While it’s somehow both a cliché and a giant stretch to compare New Zealand local government with Trump’s administration, it does feel like both Hamilton and Wellington’s comms departments have awoken to the fact that should they disagree with reporting on their work, they can tell their side of the story using just as emotive an angle as a journalist would. They, too, can cry “fake news”. And given the pace with which stories flame and then die online, and the chasm in scale between an incorrect fact and its correction, it’s entirely understandable that they might take the opportunity to defend themselves. Or, as Trump’s press secretary Sarah Huckabee Sanders put it, “when attacked he’s going to hit back”.

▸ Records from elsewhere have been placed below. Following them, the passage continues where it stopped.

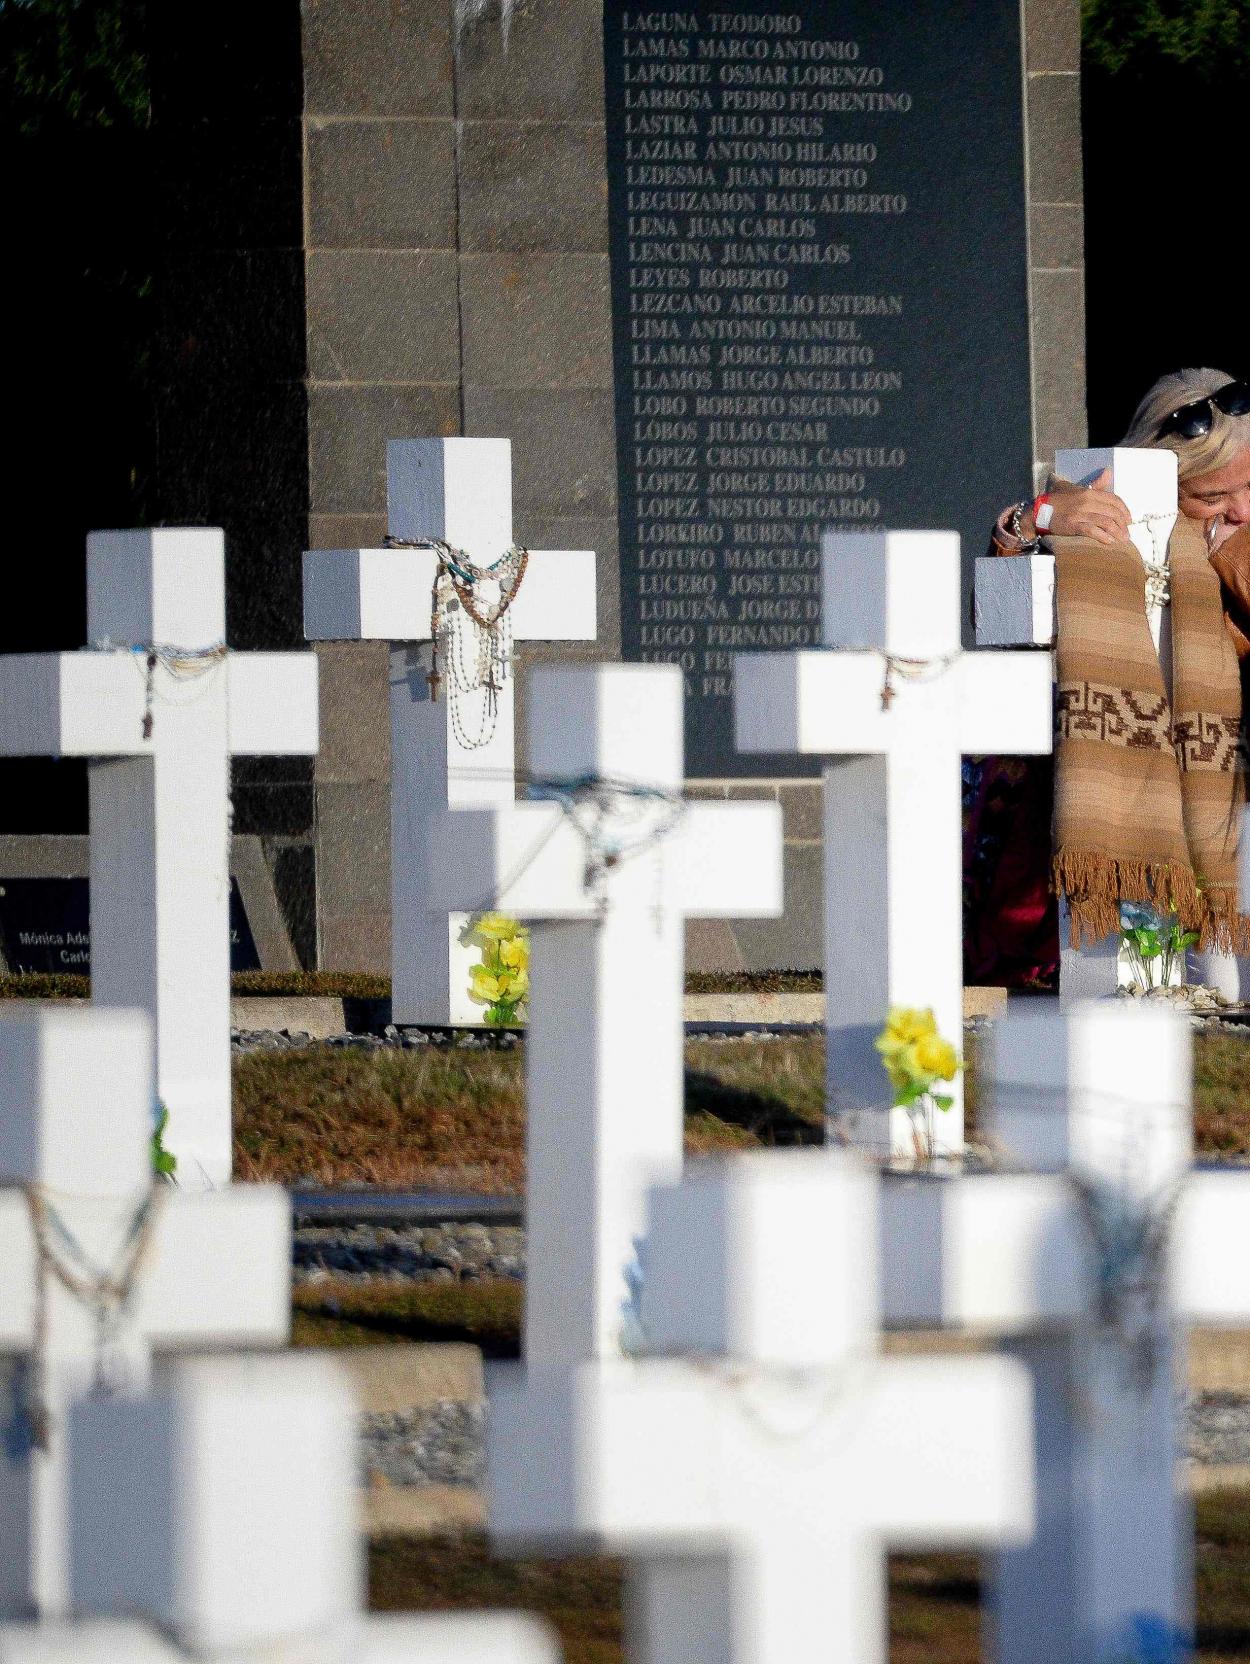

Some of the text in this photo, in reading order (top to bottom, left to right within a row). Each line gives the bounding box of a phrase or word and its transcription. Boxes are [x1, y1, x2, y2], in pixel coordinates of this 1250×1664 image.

[622, 12, 802, 34] LAGUNA TEODORO
[623, 38, 859, 60] LAMAS MARCO ANTONIO
[623, 64, 884, 86] LAPORTE OSMAR LORENZO
[624, 90, 912, 112] LARROSA PEDRO FLORENTINO
[625, 115, 823, 138] LASTRA JULIO JESUS
[705, 142, 792, 162] ANTONIO
[796, 143, 878, 162] HILARIO
[626, 167, 867, 189] LEDESMA JUAN ROBERTO
[627, 192, 908, 213] LEGUIZAMON RAUL ALBERTO
[628, 217, 816, 239] LENA JUAN CARLOS
[629, 243, 850, 265] LENCINA JUAN CARLOS
[630, 269, 789, 289] LEYES ROBERTO
[630, 294, 721, 313] LEZCANO
[818, 295, 903, 314] ESTEBAN
[631, 320, 862, 340] LIMA ANTONIO MANUEL
[632, 346, 874, 367] LLAMAS JORGE ALBERTO
[632, 371, 903, 391] LLAMOS HUGO ANGEL LEON
[633, 396, 880, 416] LOBO ROBERTO SEGUNDO
[706, 422, 762, 443] JULIO
[767, 422, 829, 441] CESAR
[635, 448, 905, 467] LOPEZ CRISTOBAL CASTULO
[636, 473, 865, 494] LOPEZ JORGE EDUARDO
[637, 499, 880, 517] LOPEZ NESTOR EDGARDO
[733, 525, 795, 543] RUBEN
[723, 549, 818, 568] MARCELO
[640, 575, 717, 593] LUCERO
[729, 575, 773, 596] JOSE
[739, 601, 801, 622] JORGE
[641, 626, 695, 644] LUGO
[707, 626, 809, 644] FERNANDO
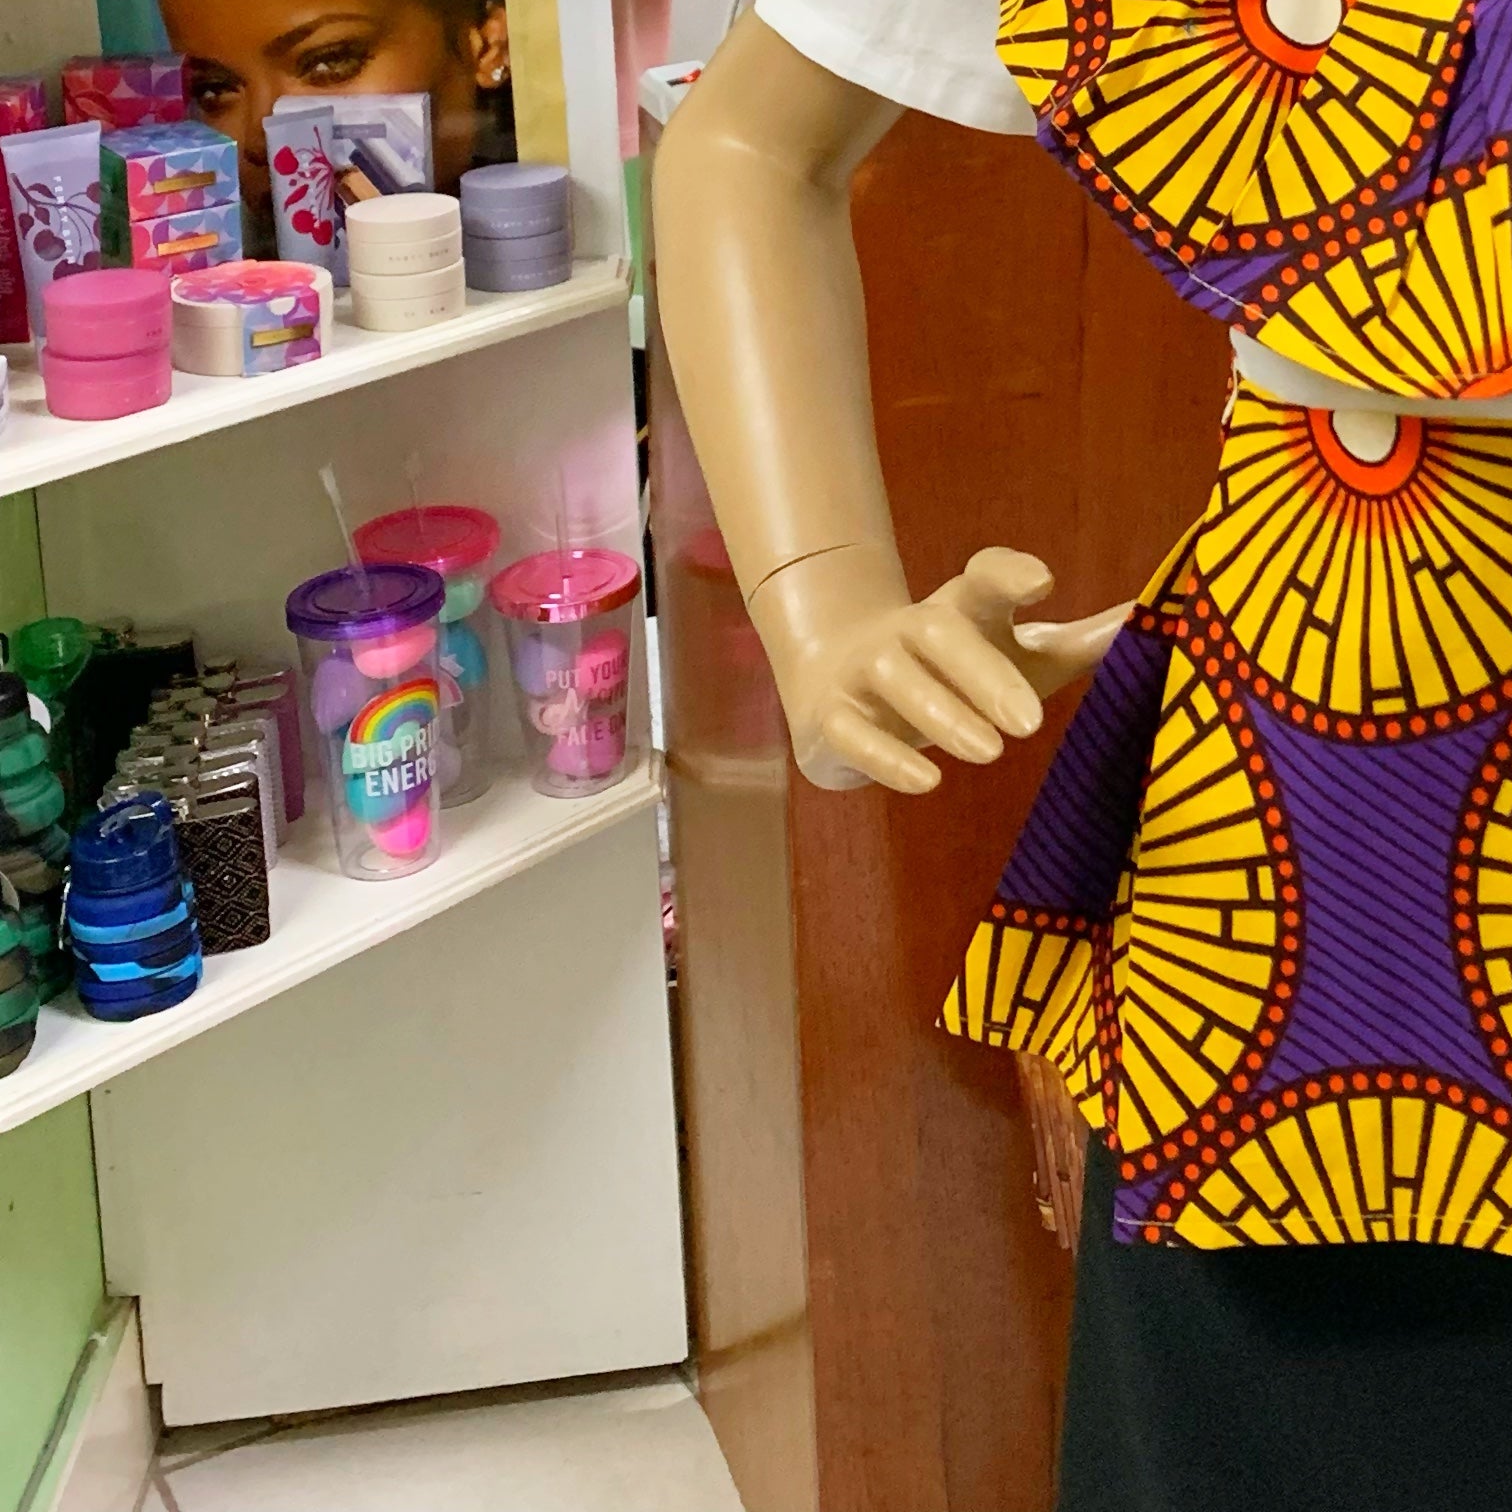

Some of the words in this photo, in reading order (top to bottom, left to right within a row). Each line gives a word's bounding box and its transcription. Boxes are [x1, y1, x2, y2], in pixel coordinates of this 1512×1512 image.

Still, while “sloppy, useless” is no “bleeding badly from a face-lift”, it is on the same continuum of alternative facts and interpretation. And it seems odd for a city with as liberal a constitution as Wellington to be taking style tips of any form from the current White House.
The Spinoff understands that conversations between Fairfax and the WCC are ongoing, and as we publish the council has not responded to questions about the specific points of fact they dispute. The public, to the extent it’s aware of the dispute all, is unlikely to be able to pick a favourite out of actors as universally unloved as journalists and bureaucrats.
Right now, neither side is budging, and more may yet emerge from the fight. But while it’s fun to watch this kind of explosion from afar from time to time, a permanent change in relations between councils and the papers which cover them to this kind of mutual antagonism would likely suck for both organisations – and the ratepayers and newsreaders caught between them.